Algo parecido hace Le Pen, que también aquí intenta jugar con dos barajas. Aunque en la propuesta 35 de su programa electoral, la líder del FN pide claramente "el restablecimiento de una moneda nacional" que ayude a la competitividad de las empresas y trabajadores franceses, lo cierto es que en las últimas semanas está moderando su postura al respecto. Incluso, en uno de los últimos debates televisados, cuando fue atacada por Fillon y Macron en este tema, no se atrevió a pedir directamente la salida del euro. Y es que el 72% de los franceses dicen estar a favor de mantener su actual moneda, un porcentaje que incluye a muchos de los votantes de Mélenchon o Le Pen.

En cualquier caso, Le Pen es algo más clara en este tema que su rival de extrema izquierda. Por ejemplo, en su última entrevista, publicada este lunes en Le Figaro, mantiene que su intención es abandonar la moneda única, asegura que es un lastre para la economía francesa y defiende que los países del sur de Europa se unirán a su proyecto contra la actual UE. Eso sí, al mismo tiempo deja la decisión en manos de los franceses, a los que asegura que consultará en un referéndum. Tampoco se esconde cuando dice que lo primero que hará una vez recupere su soberanía monetaria es obligar al Banco de Francia a que "financie directamente" al Tesoro galo para que éste pueda cubrir todas las promesas de su Gobierno.

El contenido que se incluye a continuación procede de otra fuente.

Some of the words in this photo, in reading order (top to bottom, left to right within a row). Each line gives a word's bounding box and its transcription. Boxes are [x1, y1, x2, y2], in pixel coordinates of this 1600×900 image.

Porque, además, lo que nunca explican ni uno ni otra es cómo convencerán a sus socios en la UE, sobre todo a su odiada Alemania, de que asuman las facturas que ellos firmen. El discurso de reabrir la negociación en Bruselas implica que haya alguien al otro lado que quiera sentarse a hablar. No parece que los electorados en Alemania, Holanda, Finlandia o Austria vayan a estar muy receptivos a nuevas peticiones de ayuda, más dinero o nuevas reglas de déficit sin contrapartidas ni control. Por eso los mercados temen a Mélenchon y Le Pen: no es sólo que sus propuestas anticapitalistas sean equivocadas, es que su postura en la UE anticipa un choque de trenes que sería muy complicado de evitar.

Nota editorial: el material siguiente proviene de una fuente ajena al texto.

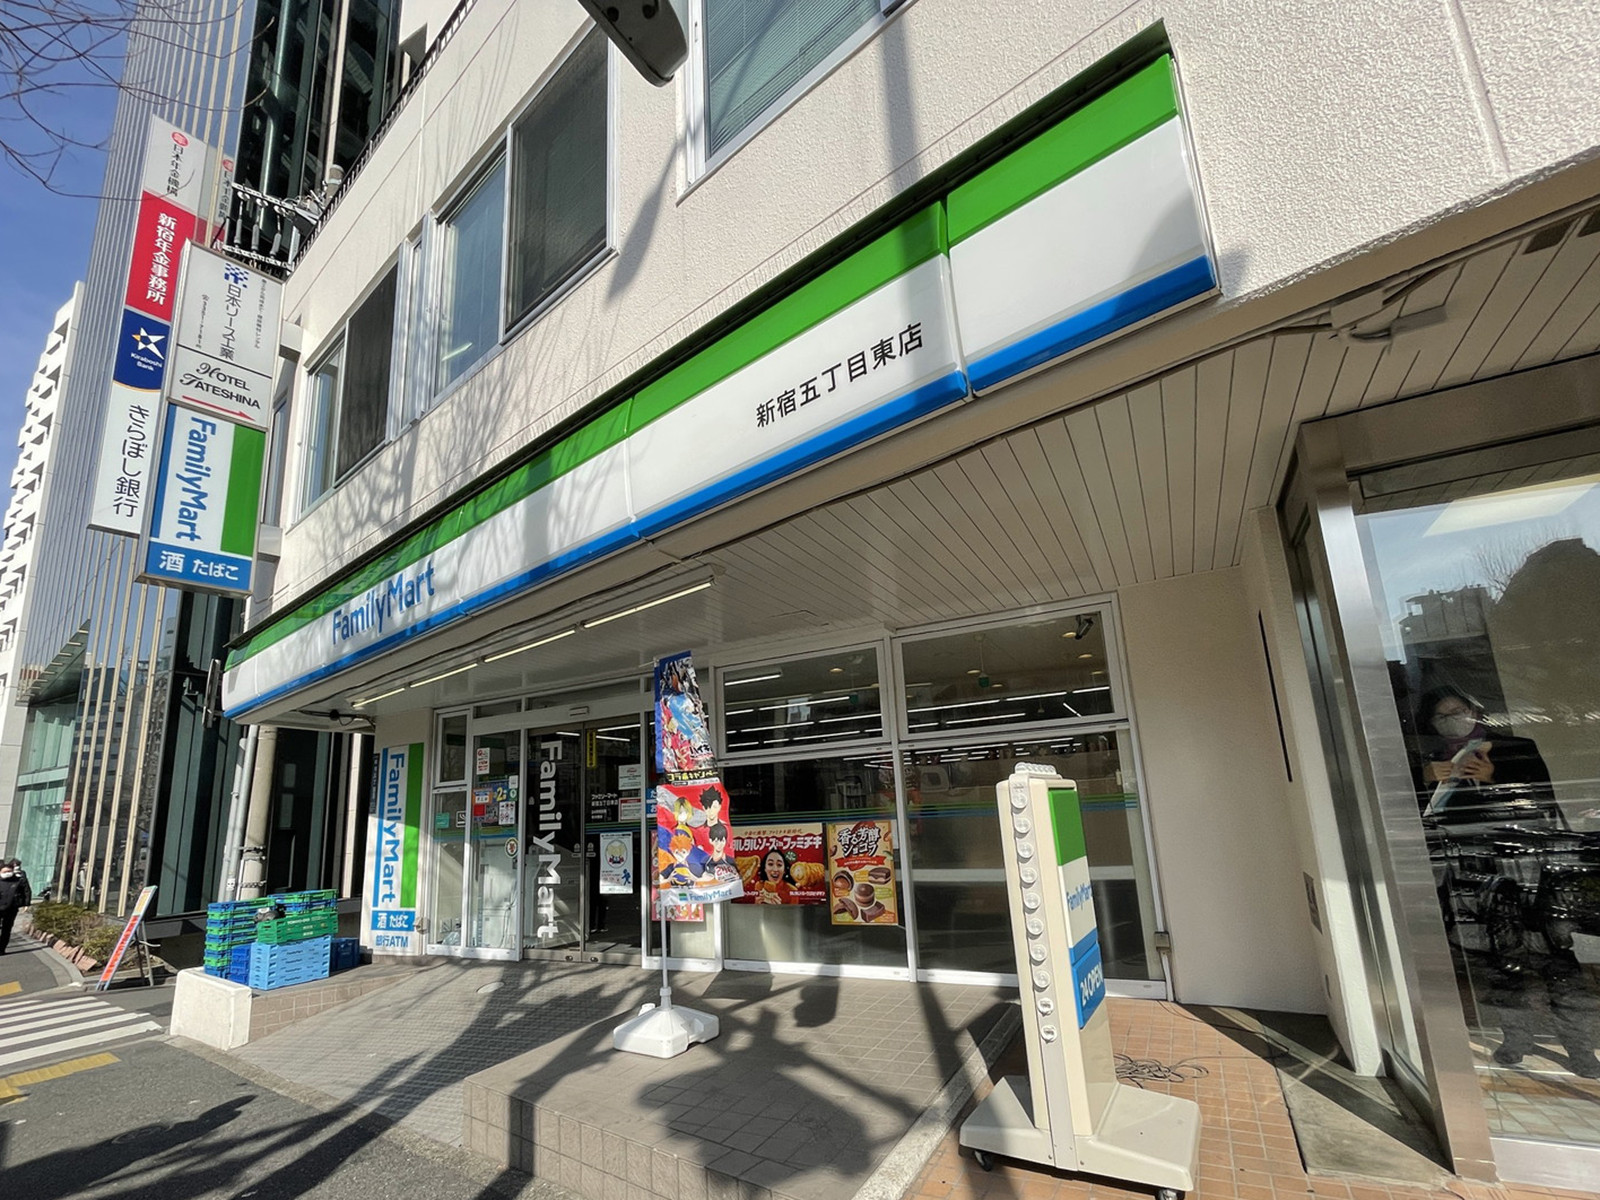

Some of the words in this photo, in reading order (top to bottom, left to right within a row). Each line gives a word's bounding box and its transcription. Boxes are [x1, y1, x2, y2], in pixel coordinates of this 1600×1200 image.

[146, 212, 177, 305] 新宿年金事務所
[220, 283, 242, 361] 日本リース工業
[130, 352, 163, 368] Kiraboshi
[136, 361, 154, 371] Bank
[196, 362, 251, 391] HOTEL
[756, 322, 923, 428] 新宿五丁目東店
[179, 372, 261, 410] TATESHINA
[112, 404, 150, 518] きらぼし銀行
[175, 416, 217, 542] FamilyMart
[158, 550, 186, 574] 酒
[192, 558, 239, 581] たばこ
[332, 560, 435, 645] FamilyMart
[381, 753, 405, 904] FamilyMart
[532, 740, 563, 939] FamilyMart
[838, 827, 881, 845] 香る芳醇
[843, 842, 878, 857] ショコラ
[688, 889, 733, 901] FamilyMart
[1066, 882, 1092, 910] FamilyMar
[377, 912, 388, 929] 酒
[389, 914, 409, 928] たばこ

Si Grecia echa un órdago, la amenaza de la expulsión es fácil de poner sobre la mesa: la Eurozona podría solventar sin un coste excesivo la salida del país heleno. Pero también se puede optar por un cierto compromiso: al fin y al cabo, la UE se puede permitir subvencionar a Atenas para que siga gastando mientras la Comisión y el BCE miran para otro lado. No es el caso de Francia: si el país galo dice que no va a cumplir las normas y que se irá si se las quieren imponer… entonces habrá que dejarlo ir, aunque el coste de esa ruptura sea mucho más alto que con Grecia. Porque lo que es muy dudoso es que la Eurozona tenga capacidad para financiar o avalar a un Estado francés en quiebra.

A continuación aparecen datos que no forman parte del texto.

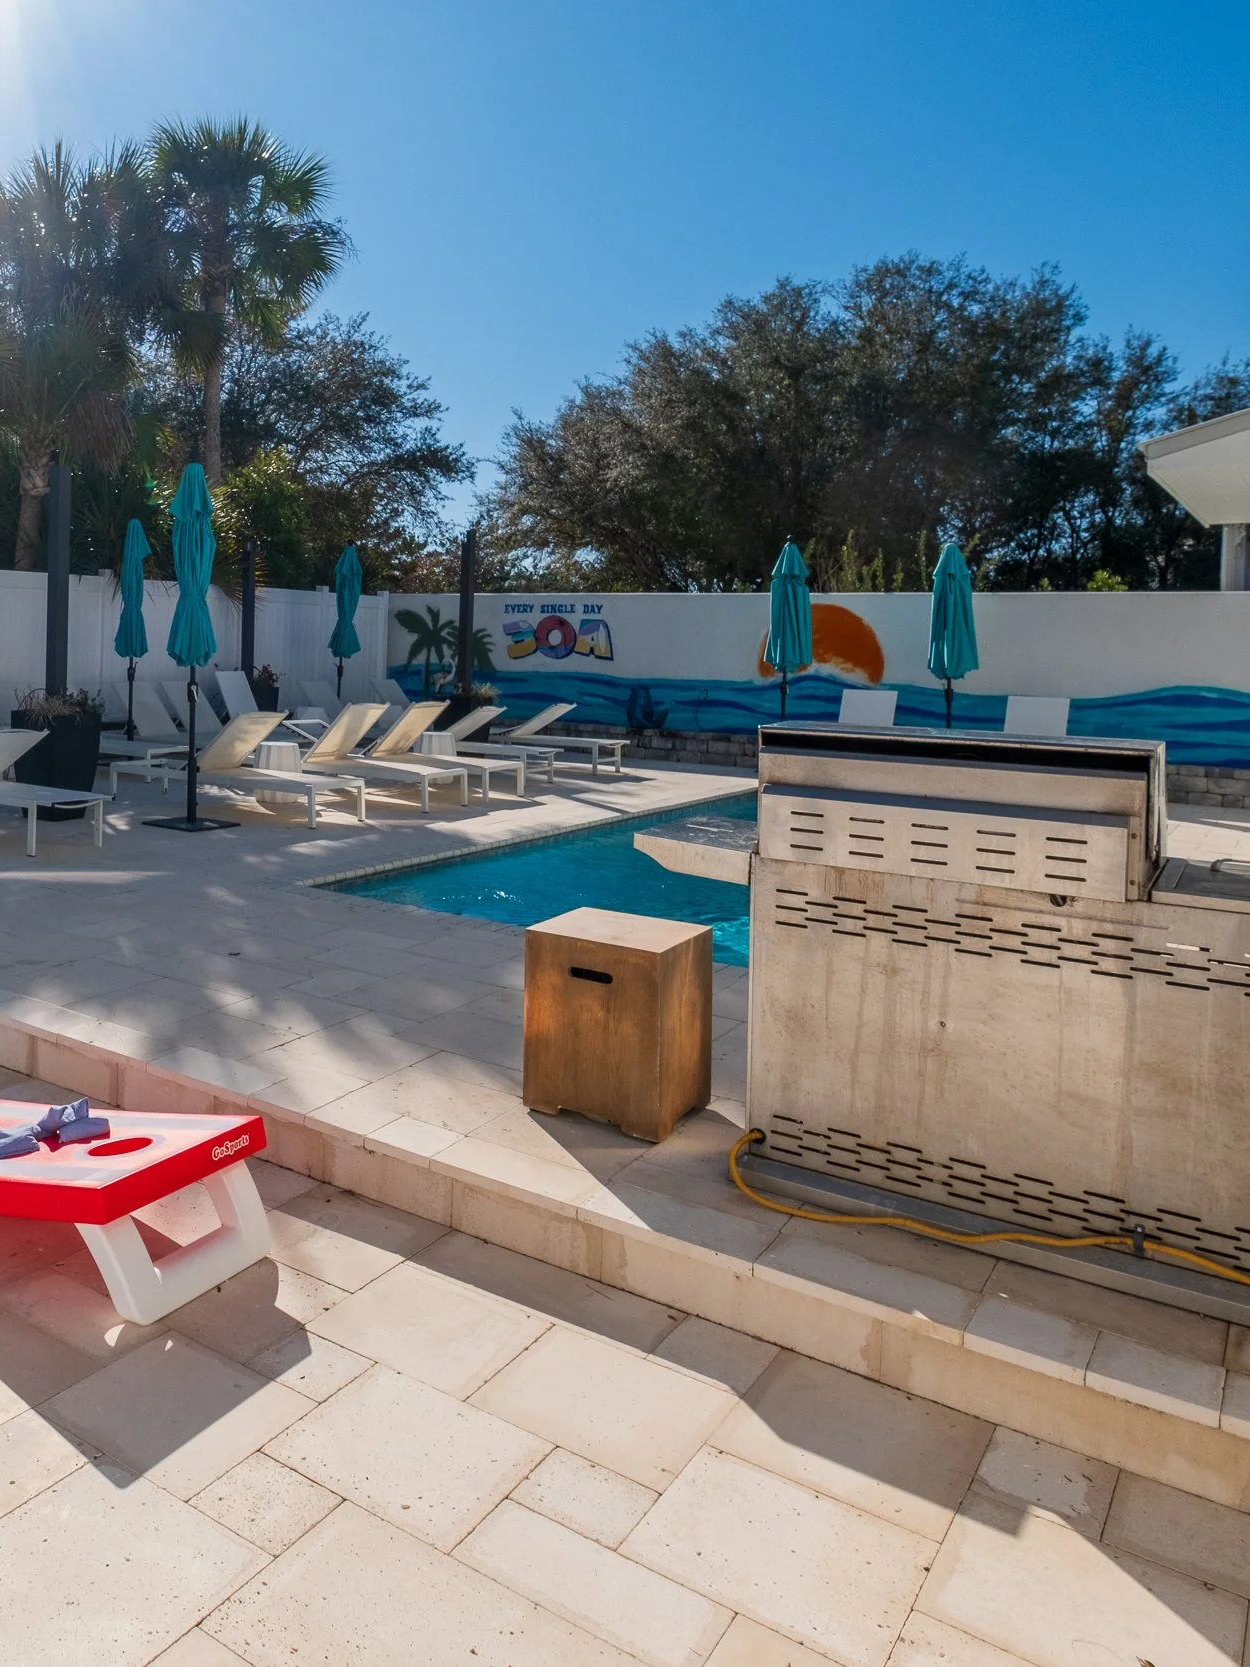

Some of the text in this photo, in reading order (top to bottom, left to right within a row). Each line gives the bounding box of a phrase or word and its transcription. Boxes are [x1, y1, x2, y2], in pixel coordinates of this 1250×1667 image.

[504, 604, 604, 614] EVERY SINGLE DAY
[212, 1133, 250, 1160] GoSports

Para España, el riesgo es triple. Francia es nuestro principal socio comercial. Además, buena parte de nuestras exportaciones al resto de la UE pasan por sus fronteras, con el riesgo que eso supone en un país que amenaza con volver a levantar muros comerciales, aranceles y aduanas. Por último, está el tema del déficit y la deuda. Nuestro país sigue teniendo el déficit público más elevado de la Eurozona tras Grecia. A pesar de la complacencia del Gobierno, lo cierto es que esa situación es estable mientras los mercados sigan tranquilos. Pero ante una eventualidad como la salida de Francia del euro nadie sabe qué podría pasar. Si vuelven los días de tensiones sobre la deuda soberana y las primas de riesgo se disparan, España estará, de nuevo, entre los que peor lo pasen.